Following the Rath Yatra and the associated protests, the BJP withdrew its support to the National Front central government led by V. P. Singh, leading to its collapse. It also prompted the Mulayam Singh Yadav-led Uttar Pradesh state government, in its eagerness to consolidate Muslim votes, to use excessive police force against BJP workers and kar-sevaks, resulting in the alienation of Hindu communities from Singh's Samajwadi party in India's most populous state.

This BJP strategy paid rich dividends in the May–June 1991 parliamentary elections, even withstanding the sympathy wave caused by the assassination of Rajiv Gandhi that took place after the first phase of polling. Relative to the 1989 general election, the BJP doubled its percentage of votes nationwide and made gains in states like Karnataka and Andhra Pradesh in the South and Assam in the Northeast. It emerged as the second largest party in the Lok Sabha, after the Indian National Congress. It captured a majority of the Lok Sabha seats in Uttar Pradesh, where it also won a majority in the state legislative assembly and formed the government. Muslim votes were divided between the Indian National Congress and the Janata Dal, further helping the BJP. It also was able to win a majority of seats in the state legislatures of Rajasthan, Madhya Pradesh, and Himachal Pradesh, and made gains in several other states.

=== Demolition of the Babri Masjid ===

Carrying forward their campaign to build a temple at the site, the VHP, the BJP, and their affiliates organised a rally outside the mosque on 6 December 1992, involving 150,000 VHP and BJP volunteers. Several BJP leaders, including Advani, Murli Manohar Joshi and Uma Bharti, spoke at the rally. The crowd gradually grew more restive during the speeches, and began to shout slogans of a militant nature.

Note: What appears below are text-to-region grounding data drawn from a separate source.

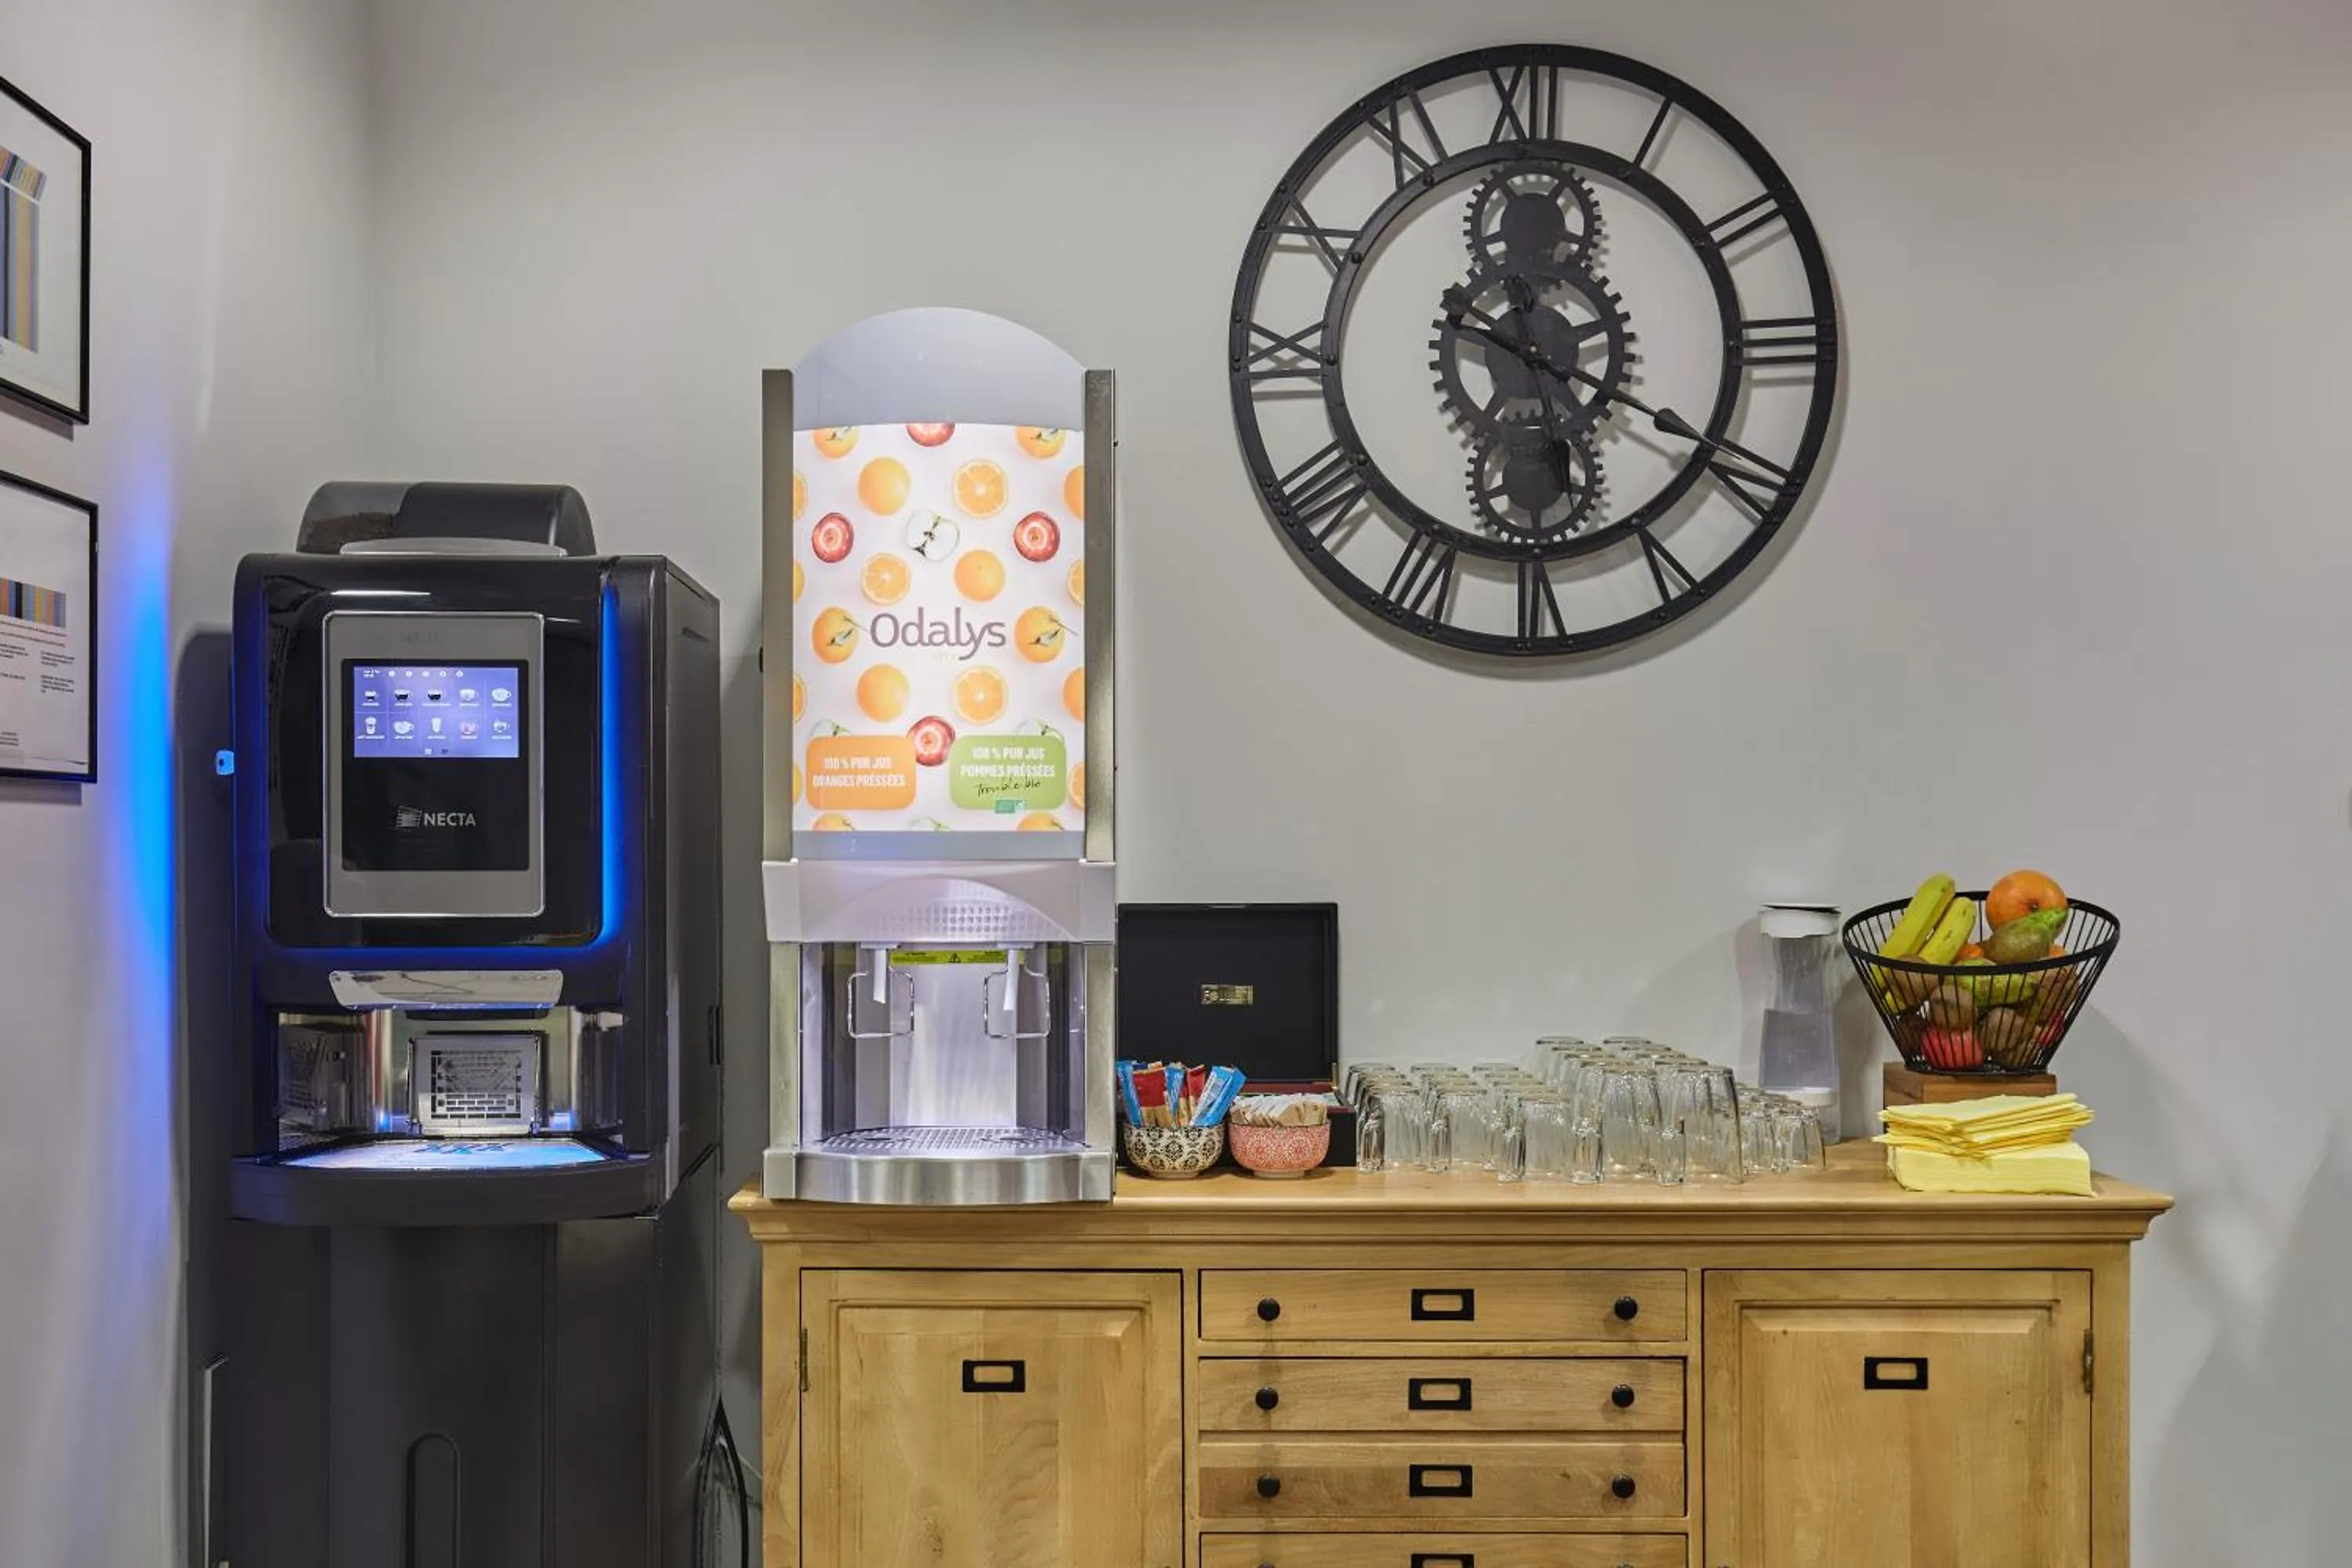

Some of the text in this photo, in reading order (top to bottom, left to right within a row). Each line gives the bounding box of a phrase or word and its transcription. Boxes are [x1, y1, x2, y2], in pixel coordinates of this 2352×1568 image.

[870, 607, 1006, 660] Odalys
[1003, 747, 1023, 760] PUR
[1025, 747, 1045, 760] JUS
[851, 757, 870, 769] PUR
[872, 757, 892, 769] JUS
[960, 764, 1004, 777] POMMES
[812, 773, 855, 787] ORANGES
[424, 812, 476, 826] NECTA
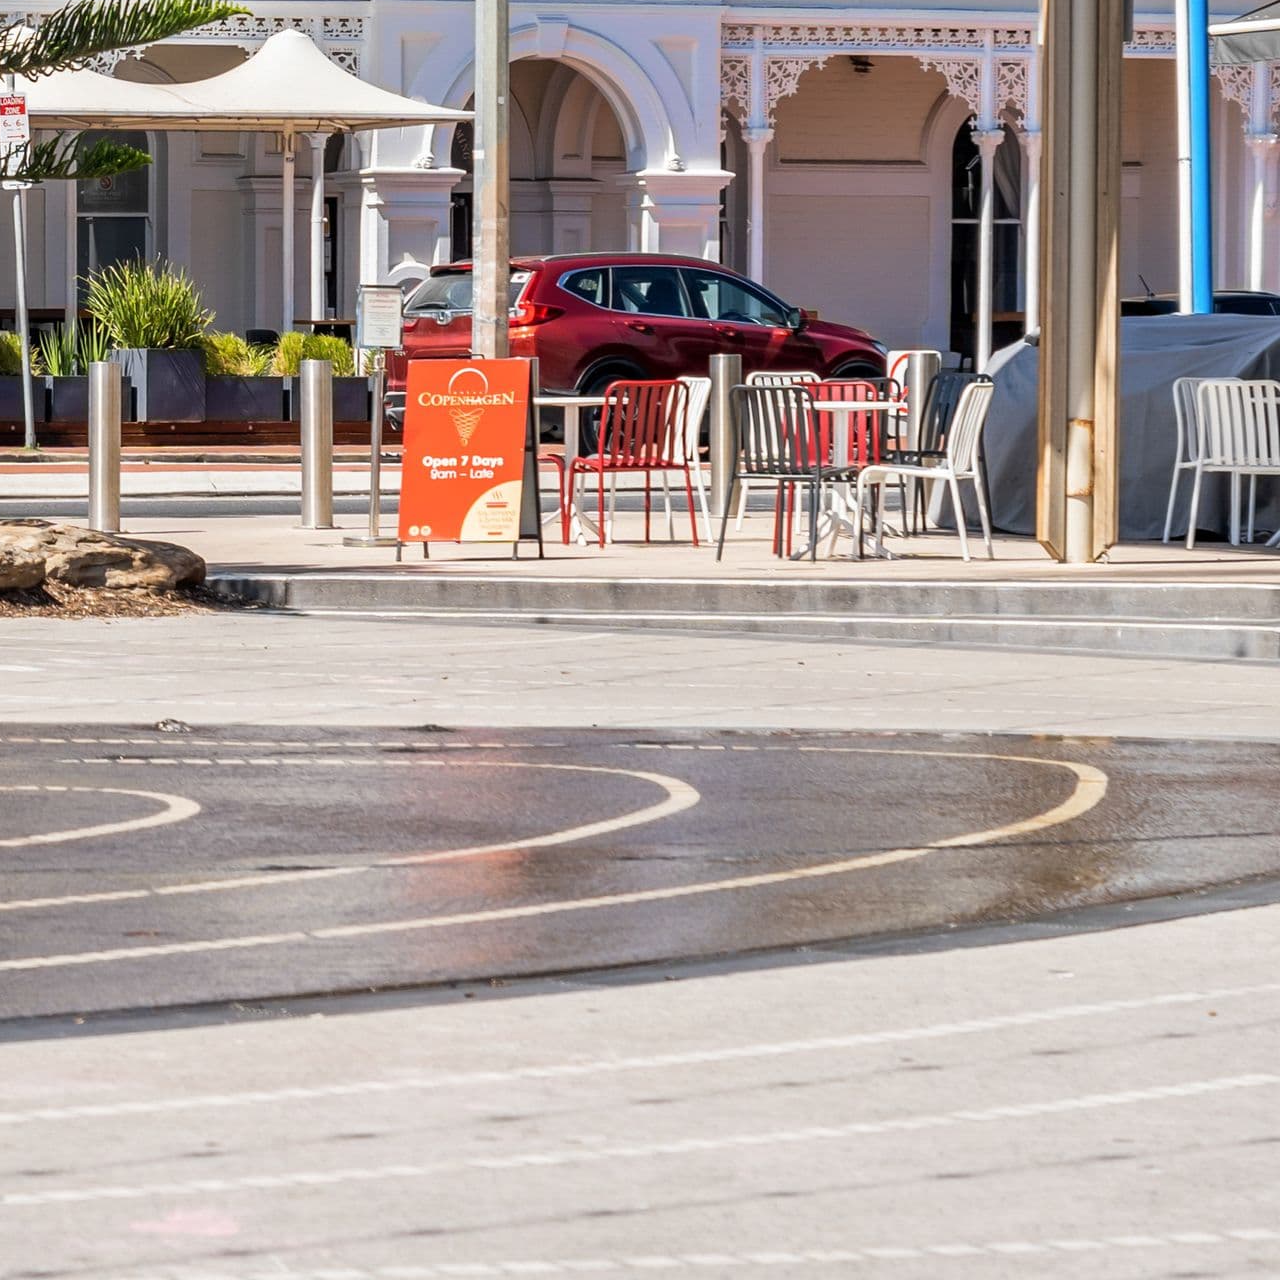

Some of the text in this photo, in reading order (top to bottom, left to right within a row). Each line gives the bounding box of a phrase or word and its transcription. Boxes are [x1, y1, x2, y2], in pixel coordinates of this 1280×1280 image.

[0, 97, 25, 106] LOADING
[4, 106, 22, 115] ZONE
[422, 456, 504, 469] Open 7 Days
[430, 469, 457, 480] 9am
[469, 469, 494, 480] Late
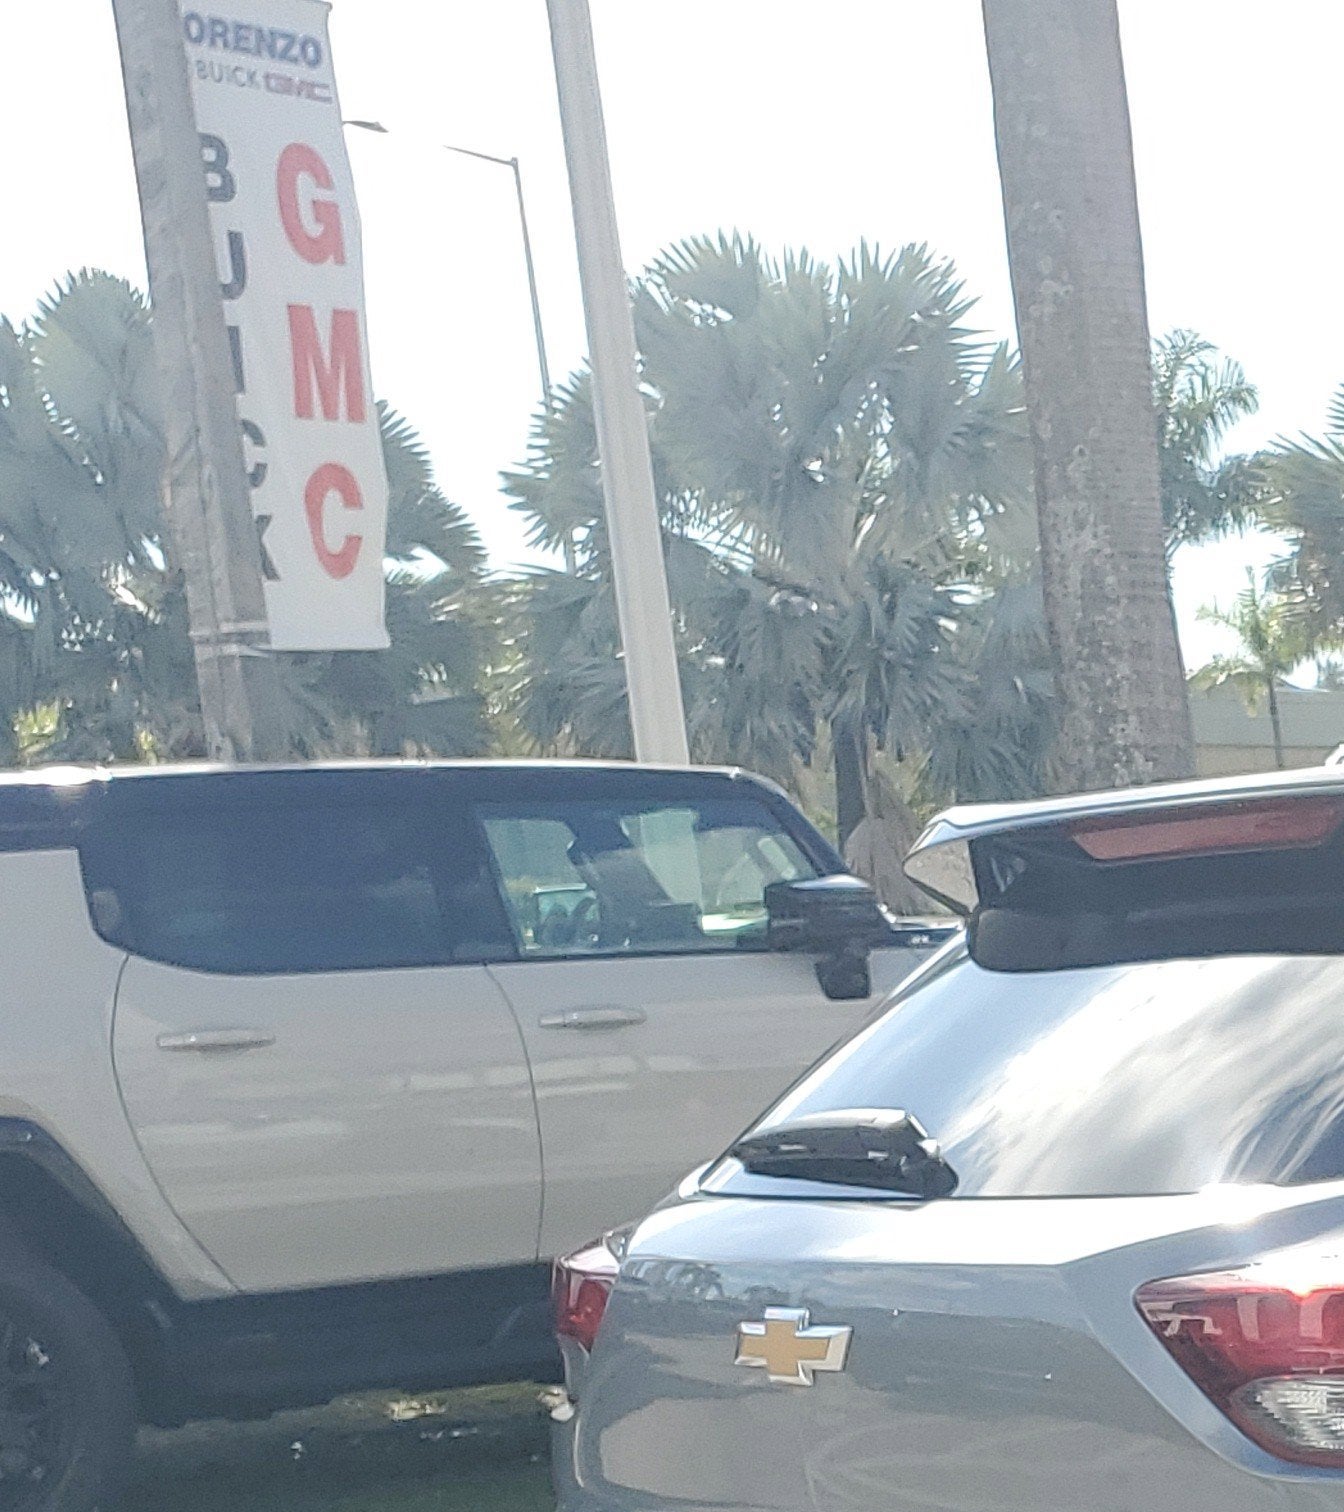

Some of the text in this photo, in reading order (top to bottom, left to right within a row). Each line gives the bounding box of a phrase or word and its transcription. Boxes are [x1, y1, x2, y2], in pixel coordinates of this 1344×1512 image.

Although a police cordon had been placed around the mosque in preparation for an attack, a young man slipped past the cordon around noon and climbed the mosque itself, waving a saffron flag. The mob took this as a signal to attack and stormed the mosque, bearing hammers and axes. The policemen were outnumbered and unprepared, and fled the scene. The crowd set upon the mosque unopposed, and leveled it within a few hours. Hindu mobs also demolished a number of other mosques in Ayodhya. The demolition triggered massive Hindu-Muslim violence across the country, in which more than 2000 people, the majority of them Muslim, were killed.

The central government ordered an inquiry into the demolition. The report of the inquiry, written by retired judge Manmohan Singh Liberhan, indicted 68 people for the demolition, including a number of BJP leaders. The people named in the report included Advani, Vajpayee, Joshi, and Bharathi, as well as then-Uttar Pradesh-chief minister Kalyan Singh. The report stated that Singh had appointed officers to the area who were less likely to act to prevent the demolition. It stated that the leaders of the BJP could have prevented the demolition if they had chosen to do so, and quoted a security official as saying that provocative speeches had been made at the rally. The report also stated that the demolition was "neither spontaneous nor unplanned". In April 2017, a special Central Bureau of Investigation court framed criminal conspiracy charges against Advani, Murli Manohar Joshi, Uma Bharti, Vinay Katiyar, and several others. In 2020 the court acquitted Advani, Singh, and all 30 others accused.